Dataset entries:

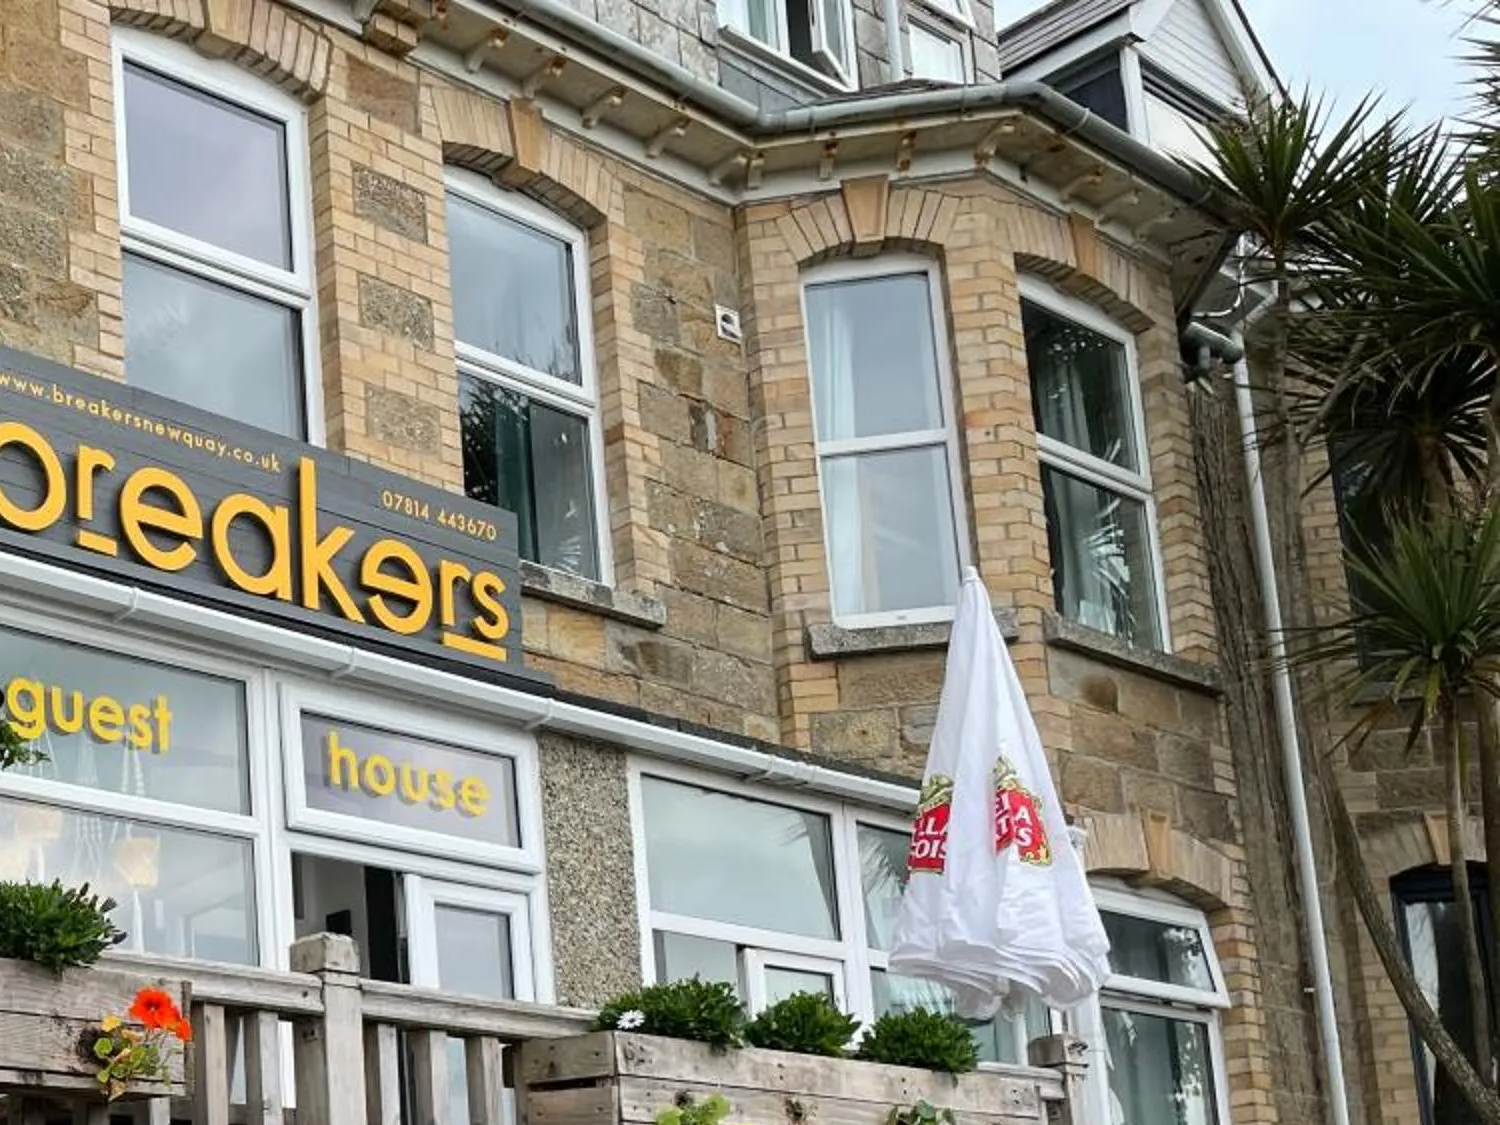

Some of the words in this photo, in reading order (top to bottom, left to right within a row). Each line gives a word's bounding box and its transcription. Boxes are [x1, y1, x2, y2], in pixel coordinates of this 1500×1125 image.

[382, 489, 430, 520] 07814
[436, 506, 498, 541] 443670
[6, 676, 173, 752] guest
[327, 726, 491, 817] house
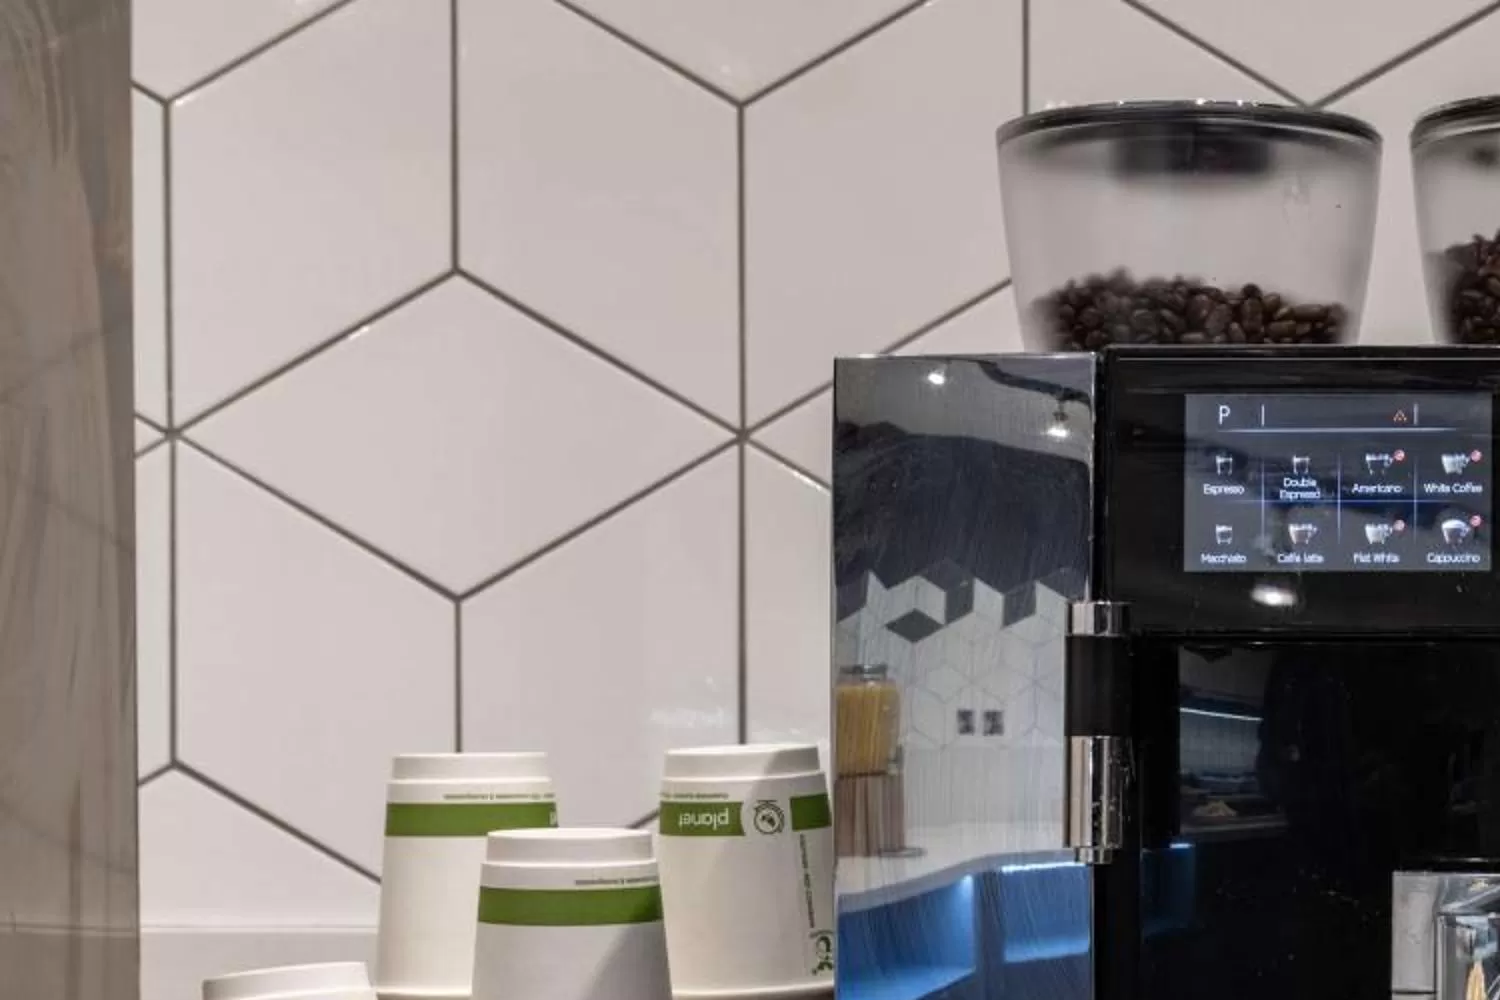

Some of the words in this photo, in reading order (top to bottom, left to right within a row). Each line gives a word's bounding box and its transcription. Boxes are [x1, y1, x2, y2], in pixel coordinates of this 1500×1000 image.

YOUR ASSIGNMENT - Copy every record above exactly as written, but leave out the pictures.

FINISHED TASK -
Some of the words in this photo, in reading order (top to bottom, left to right within a row). Each line gives a word's bounding box and its transcription. Boxes are [x1, y1, x2, y2], in pixel coordinates of this 1500×1125 image.

[382, 489, 430, 520] 07814
[436, 506, 498, 541] 443670
[6, 676, 173, 752] guest
[327, 726, 491, 817] house

Some of the words in this photo, in reading order (top to bottom, left to right within a row). Each line gives a word's bounding box and its transcription. Boxes are [x1, y1, x2, y2], in pixel coordinates of this 1500×1000 image.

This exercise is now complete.